グローバルに生きる

社会に出た後に見えてきた進むべき" 方向"
韓国美容の" 今"を発信して日韓の架け橋に

加来 紗緒里さん

韓国コスメライター
加来 紗緒里さん

― Profile ―

人文学部 英米文化学科1991年度卒
(現 英語コミュニケーション学科)

1992年、大宇ジャパン株式会社(現POSCO INTERNATIONALジャパン株式会社)に入社。約3 年勤務後、1995年3月〜12月まで韓国の延世大学校語学堂に語学留学。帰国後、韓国系企業で働いた後、語学講師をめざして再び留学。帰国後、東京で講師に。2005年から再び渡韓。フリーランスの通訳者、翻訳者、ライターとして働きながら、2009年、韓国ビューティ情報を紹介するブログを開設。

入社2年目から韓国語の勉強をスタート
語学講師をめざして留学

 韓国・ソウルに住んで14年。学生時代、進学か就職かで悩んだときに、先輩から「やりたいことがはっきりわからないなら、とりあえず社会に出てみたら?」と言われ、たまたま就職情報で目に留まった韓国系貿易商社の大宇ジャパン日本支社に入社。仕事で求められる韓国語の能力は電話の取り次ぎ程度。韓国語を勉強し始めたのは入社2年目になってからのことです。旅行のためだったのですが一気に興味が深まり、当時は若くて時間があったことも相まってグングン伸びて勉強が楽しくなりました。会社は3年ほど勤めて退社し、1995年、延世大学校に約1年間語学留学。帰国後はサムスンジャパンなど韓国系企業で働きましたが、バリバリ働いてキャリアアップするような状況ではなく、将来に不安を感じるように。そこで語学講師をめざして再び韓国へ留学。帰国後、東京で韓国語講師になれたのですが力不足を感じる日々...。

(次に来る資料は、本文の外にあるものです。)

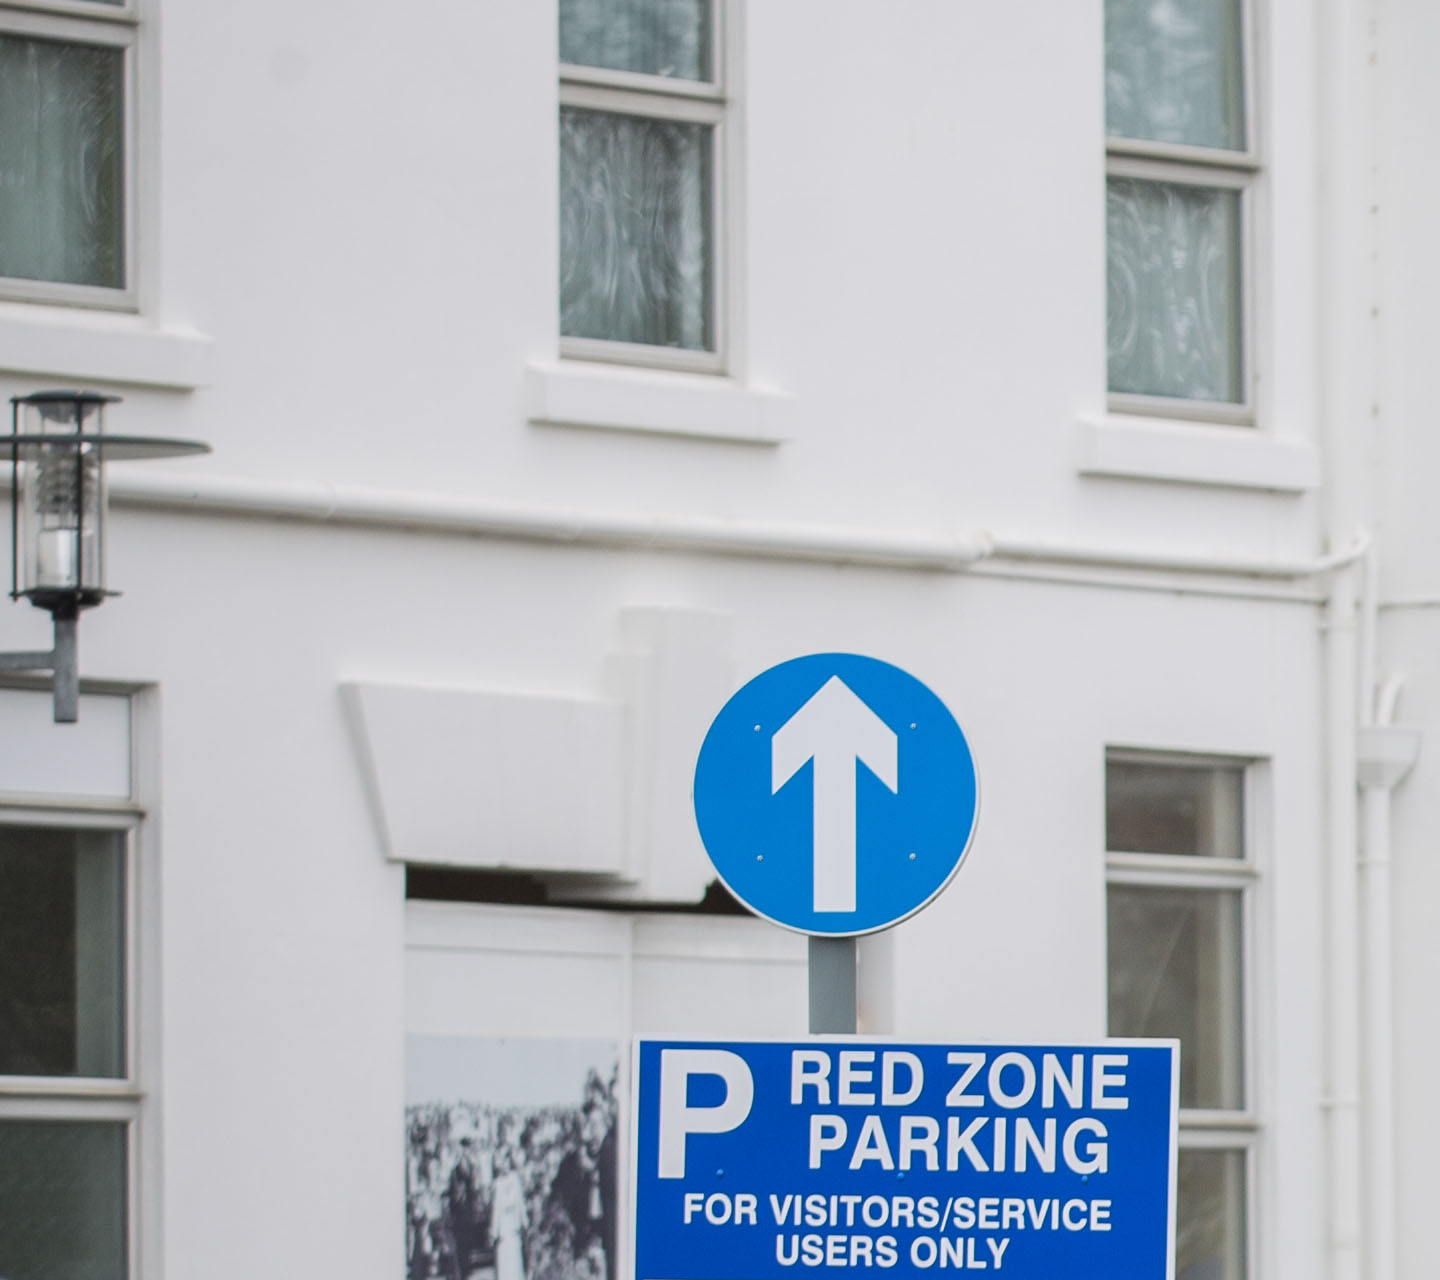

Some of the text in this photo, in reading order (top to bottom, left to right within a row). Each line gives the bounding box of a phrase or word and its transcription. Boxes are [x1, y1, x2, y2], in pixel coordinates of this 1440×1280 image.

[790, 1050, 1129, 1110] RED ZONE
[657, 1048, 754, 1179] P
[809, 1114, 1108, 1175] PARKING
[684, 1193, 1112, 1232] FOR VISITORS/SERVICE
[775, 1234, 1010, 1269] USERS ONLY

 韓国と日本を行き来する中で、韓国語を生かした仕事がしたいという思いはますます強まり、2005年、意を決して日本の生活を畳み、知り合いを頼って渡韓しました。そして、フリーランスの翻訳者、通訳者、コーディネーターの道をスタートさせたのです。

30代後半で移住を決意
趣味を生かしたブログで道が開けた

加来 紗緒里さん 韓国に拠点を移したものの当時すでに30代後半。フリーランスなので収入も不安定でした。自分の実績を残したい、次の仕事につながることがしたい――そう 考えて立ち上げたのが、『韓国コスメ イヤギbyジャヨンミ』という韓国のビューティ情報を発信するブログです。「イヤギ」は「話」、「ジャヨンミ」は「自然美」という意味。コスメは学生時代から好きでした。

 しかし、立ち上げた10年前は、今と違って韓国の情報は少なく「韓国の化粧品って 大丈夫?」と聞かれたことも。それでも毎日のように更新し続け、今ではたくさんの読者 さんに楽しんでいただいています。ブログ開設をきっかけにガイドブックや女性誌などラ イターとしての仕事も増えました。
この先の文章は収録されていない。